- Relator(a)
- Ministro Francisco Falcão
- Órgão julgador
- Segunda Turma
- Data do julgamento
- 22/05/2018
- Data de publicação
- 28/05/2018
STJ – Acórdão, Rel. Ministro Francisco Falcão, Segunda Turma, j. 22/05/2018, p. 28/05/2018
ADMINISTRATIVO. REMOÇÃO. ELEMENTOS DO ATO ADMINISTRATIVO. PRESENÇA DE MOTIVAÇÃO. MANDADO DE SEGURANÇA. NÃO COMPROVAÇÃO DE DIREITO LÍQUIDO E CERTO. IMPOSSIBILIDADE DE DILAÇÃO PROBATÓRIA. I - Os atos administrativos têm como parte de seus elementos o motivo e a finalidade, além da forma, competência e objeto.
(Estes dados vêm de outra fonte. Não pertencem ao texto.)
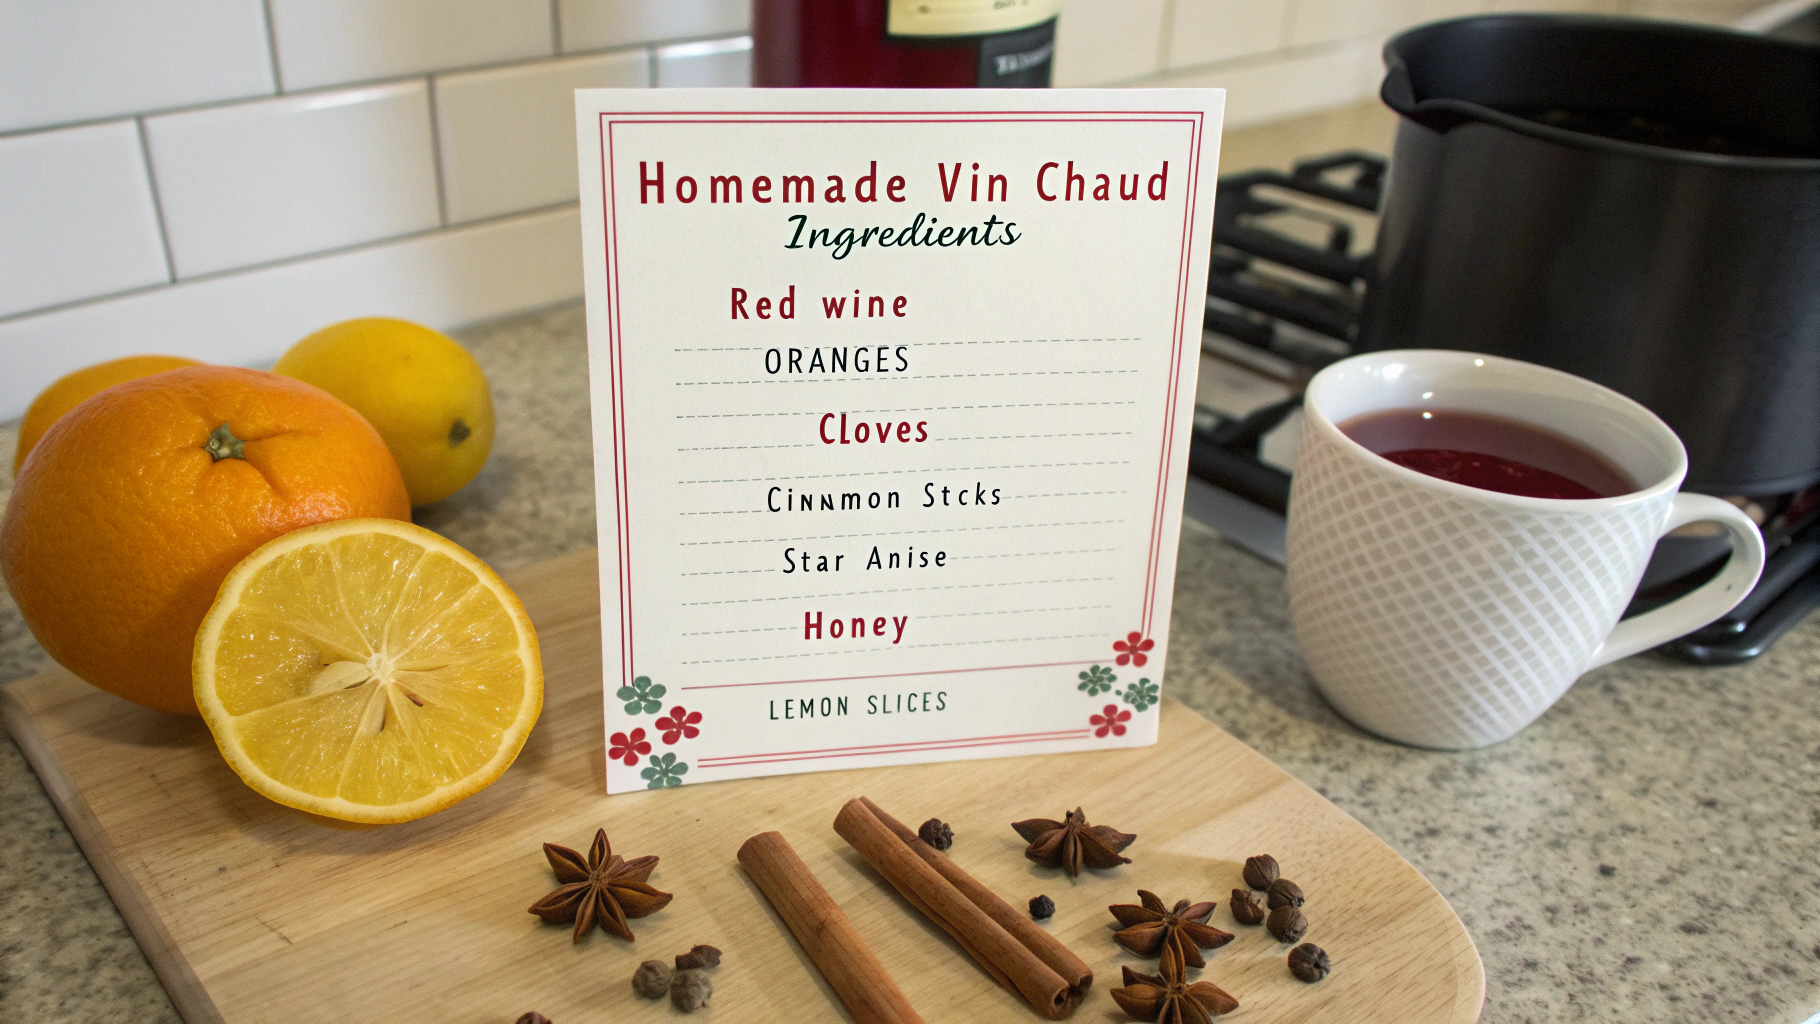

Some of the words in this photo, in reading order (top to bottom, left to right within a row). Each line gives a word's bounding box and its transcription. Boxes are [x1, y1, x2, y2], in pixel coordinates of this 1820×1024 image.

II - O motivo do ato administrativo não se confunde com a sua motivação, que é a manifestação escrita das razões que dão ensejo ao ato, exigida quando a lei expressamente determina, mormente nos atos vinculados. III - O ato administrativo, ainda quando haja margem de decisões opcionais pelo administrador (discricionariedade), sempre terá um motivo, podendo, neste último caso não ser expresso. IV - A teoria dos motivos determinantes estabelece que, em havendo motivação escrita, ainda que não a lei não determine, passa o administrador a estar vinculado àquela motivação. V - No caso em tela, a quaestio iuris cinge-se a saber se há ilegalidade na portaria de remoção, por inexistência de motivação ou por sua insuficiência, a conferir direito líquido e certo ao impetrante, ora recorrente. VI - Prima facie, afasta-se a alegação de inexistência de motivação, já que a portaria de remoção expressamente faz referência aos termos constantes na CI n° 040/2015 da DINTER 1, para fins de motivação do ato. VII - O ato foi motivado e implicou a remoção de vários delegados, com base em argumentação relativa aos níveis de criminalidade e outros elementos de política de segurança, não havendo elementos a se concluir tenha visado o recorrente em específico, mas o atendimento à finalidade de gerenciar e posicionar as autoridades policiais que, no entender na administração, melhor atendam ao perfil que se busca em cada localidade. VIII - O fato de as movimentações terem se atido, em maior parte, a uma mesma região administrativa, por si só, não indica tenha havido desvio de finalidade, até porque a própria motivação faz menção a critérios tanto quantitativos como qualitativos para justificar a movimentação, com vistas a se obter uma maior efetividade nas investigações no combate à criminalidade. IX - Por outro lado, o recorrente não logrou demonstrar tivesse havido a alegada perseguição ou cunho punitivo na sua remoção, não se admitindo, na via escolhida, a dilação probatória. X - Agravo interno improvido. (AgInt no RMS n. 53.434/PE, relator Ministro Francisco Falcão, Segunda Turma, julgado em 22/5/2018, DJe de 28/5/2018.)